Eugene city councilors declined Monday to ask voters in November if they would support the city’s purchase and use of the Eugene Water & Electric Board headquarters as the new City Hall.

The vote was 5-3. Councilors Mike Clark, Greg Evans and Jennifer Yeh supported further discussion of a referral of an advisory vote.

The council would have had to vote Wednesday to refer the advisory vote as that will be its last meeting before the council goes on its annual weeks-long summer recess. The filing deadline for the November election is in August.

Clark, who proposed the advisory vote, characterized it as a way for local residents to weigh in on a project that has bedeviled city leaders for years.

Clark said he recognized the vote would be nonbinding, meaning city councilors wouldn’t be legally required to adhere to the voters’ will.

“But with it we might gauge what the general public believes and be better served for how to make good decisions on this,” said Clark, who has long supported reusing the EWEB building as Eugene’s municipal center.

Repurposing the EWEB building as City Hall using urban renewal dollars could free up dollars already dedicated to the project to put toward a homeless shelter and “kill two very large birds with one stone,” Clark said.

Clark said after the meeting that he wasn’t giving up on the idea and strongly believes the vast majority of residents support it.

Other councilors expressed concerns about the location of the EWEB headquarters, the impact of an advisory vote on the current option being explored for the new City Hall, and the usefulness of an advisory vote given that many voters aren’t up to speed on all of the project’s particulars.

Without that base of knowledge, Councilor Chris Pryor said, “you have the public basically giving you a popularity contest.”

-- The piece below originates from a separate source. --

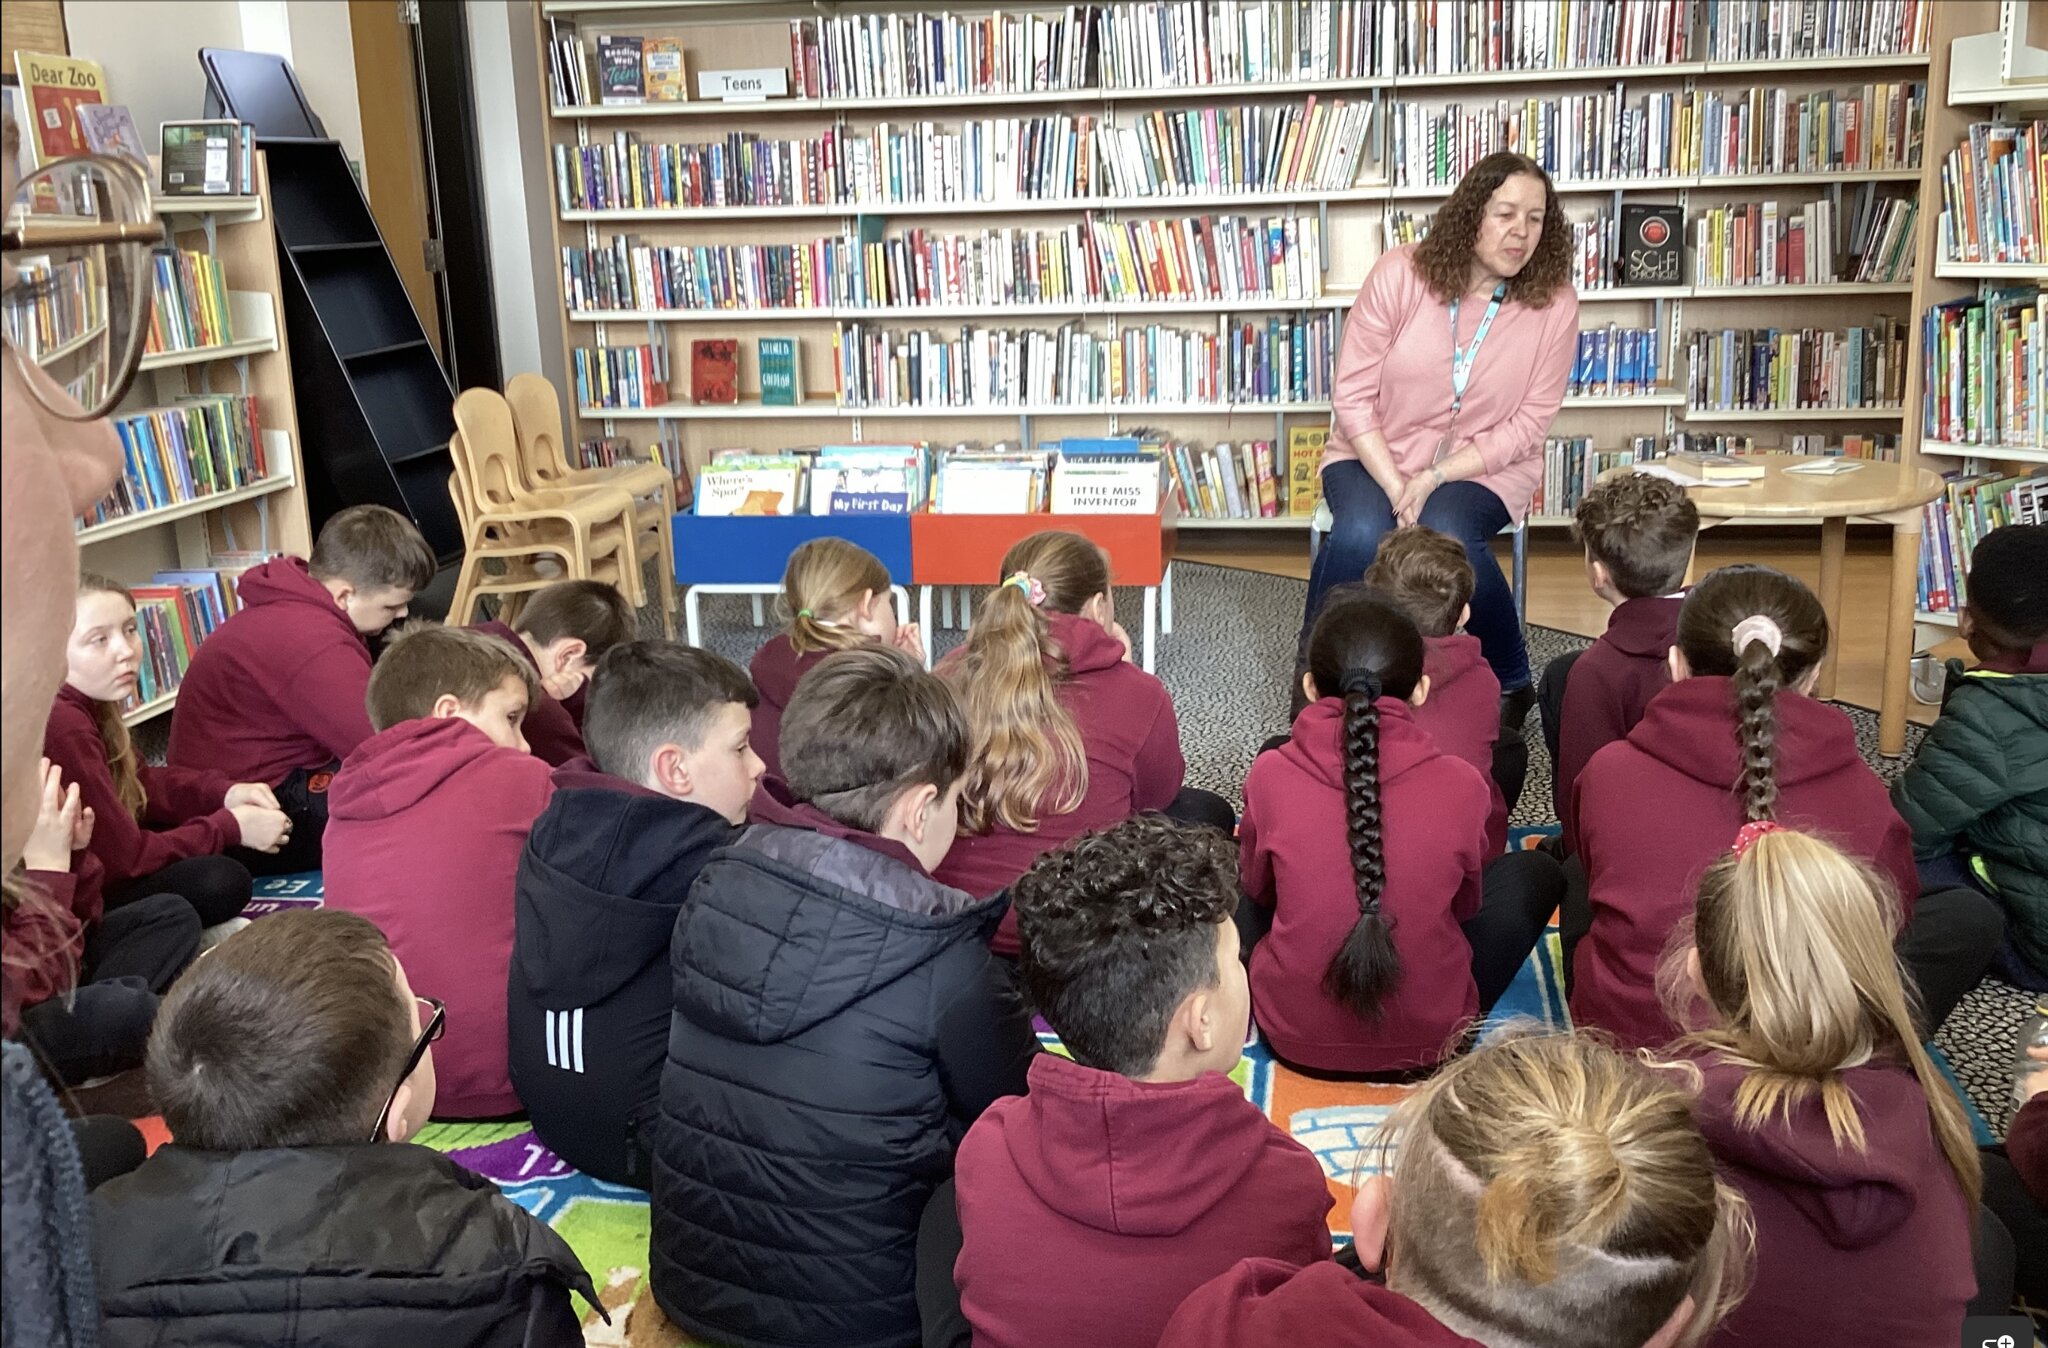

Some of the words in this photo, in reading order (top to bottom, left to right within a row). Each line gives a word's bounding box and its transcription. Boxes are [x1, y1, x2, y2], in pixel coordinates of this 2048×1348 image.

“It’s not a matter of which (option) looks nicer. It’s a matter of what’s going to be the best site going forward for the next 100 years,” Pryor continued. “I know some of us think it should be this and some think it should be that. I think that conversation should still occur within this body.”

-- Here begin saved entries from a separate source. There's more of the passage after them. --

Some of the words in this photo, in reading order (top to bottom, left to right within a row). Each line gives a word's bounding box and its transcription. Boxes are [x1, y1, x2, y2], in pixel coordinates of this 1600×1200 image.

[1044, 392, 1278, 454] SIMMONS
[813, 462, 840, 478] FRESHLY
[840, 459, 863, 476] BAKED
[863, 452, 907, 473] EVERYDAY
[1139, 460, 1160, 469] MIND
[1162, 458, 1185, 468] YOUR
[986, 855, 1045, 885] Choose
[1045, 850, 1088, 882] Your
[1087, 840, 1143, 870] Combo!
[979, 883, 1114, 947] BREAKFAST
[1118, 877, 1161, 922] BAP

The city intends to site the new City Hall on the northern half of the county-owned “butterfly” parking lot located across from the county courthouse.

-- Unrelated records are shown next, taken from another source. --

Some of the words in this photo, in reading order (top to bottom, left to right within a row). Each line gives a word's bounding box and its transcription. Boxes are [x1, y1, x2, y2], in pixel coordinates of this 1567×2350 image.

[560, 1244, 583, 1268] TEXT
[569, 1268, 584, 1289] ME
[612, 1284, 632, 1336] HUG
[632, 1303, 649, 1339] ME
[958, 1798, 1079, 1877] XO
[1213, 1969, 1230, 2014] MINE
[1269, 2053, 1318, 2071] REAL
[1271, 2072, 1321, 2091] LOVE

But that plan is contingent on a judge’s ruling that would allow the city and county to finalize the proposed downtown land swap.

Under the agreement, the city would sell its vacant City Hall block to Lane County for construction of a new county courthouse. In exchange, the county would sell the butterfly parking lot for a new City Hall and public square.

The county has filed a lawsuit against the heirs of city founders Eugene and Mary Skinner to clear up the legal uncertainty surrounding the proposed land exchange.

The city has set a Dec. 1 deadline for the county to resolve the legal uncertainty, or it could walk away from the deal.

The city had planned to build City Hall on the vacant block’s southwest quadrant. But city councilors shelved the project and began discussions with Lane County in 2016 as the estimated total cost of that project ballooned to about $28 million — $10 million more than the council-authorized budget.

The city completed demolition of the old City Hall, which served as Eugene’s municipal center for a half-century, in 2015 because of concerns that the building was antiquated and vulnerable to earthquake.

EWEB will largely vacate its headquarters by year’s end, consolidating most of its employees at its operations center in west Eugene.

Earlier this year, EWEB commissioners decided to wait before putting the 30-year-old building on the market with the hope that the development of the utility’s neighboring riverfront property — now owned by the city — will increase its eventual sales price.